TASK OBJECTIVE |
The result should be the listing below restated word for word, with images left out.

STORED DATA Block Start

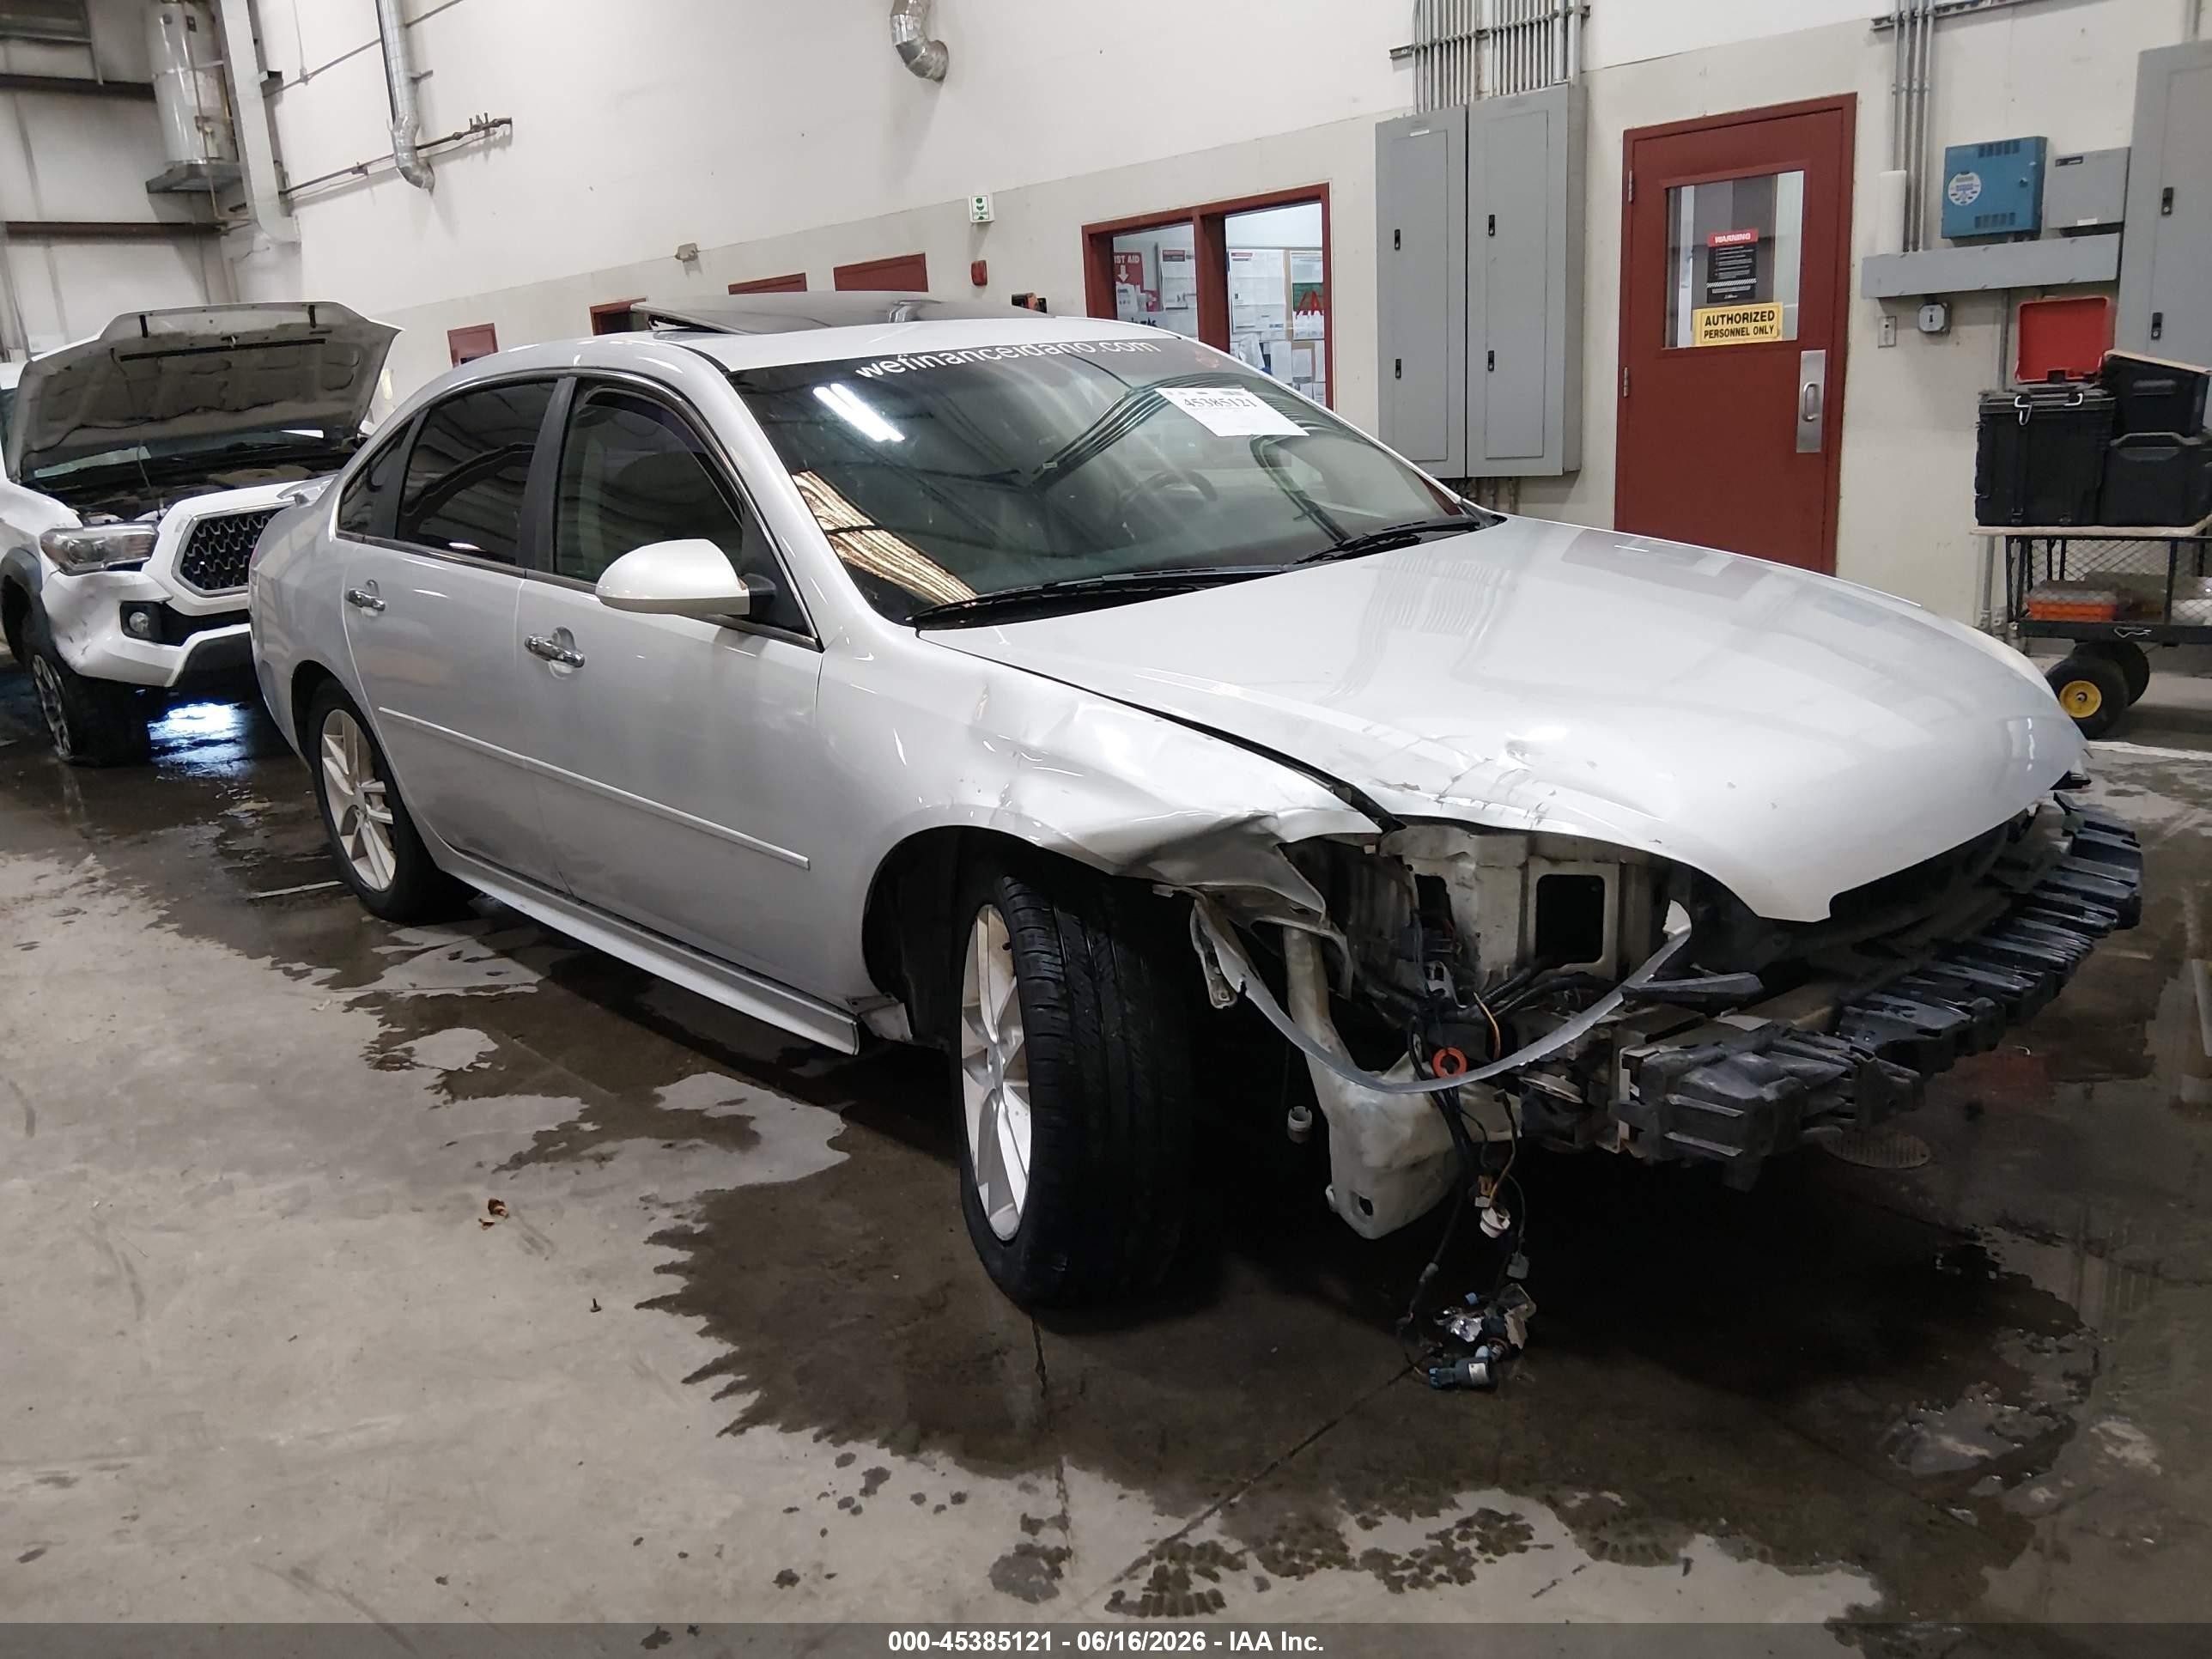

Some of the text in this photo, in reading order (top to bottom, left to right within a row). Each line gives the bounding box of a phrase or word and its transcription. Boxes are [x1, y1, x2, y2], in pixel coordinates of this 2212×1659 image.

[1714, 233, 1751, 244] WARNING
[1127, 254, 1140, 264] AID
[1705, 310, 1775, 326] AUTHORIZED
[1704, 325, 1775, 338] PERSONNEL ONLY
[1183, 398, 1258, 408] 45385121

STORED DATA Block End

ANSWER FOR THIS EXERCISE |
Some of the text in this photo, in reading order (top to bottom, left to right within a row). Each line gives the bounding box of a phrase or word and its transcription. Boxes are [x1, y1, x2, y2], in pixel coordinates of this 2212×1659 image.

[1714, 233, 1751, 244] WARNING
[1127, 254, 1140, 264] AID
[1705, 310, 1775, 326] AUTHORIZED
[1704, 325, 1775, 338] PERSONNEL ONLY
[1183, 398, 1258, 408] 45385121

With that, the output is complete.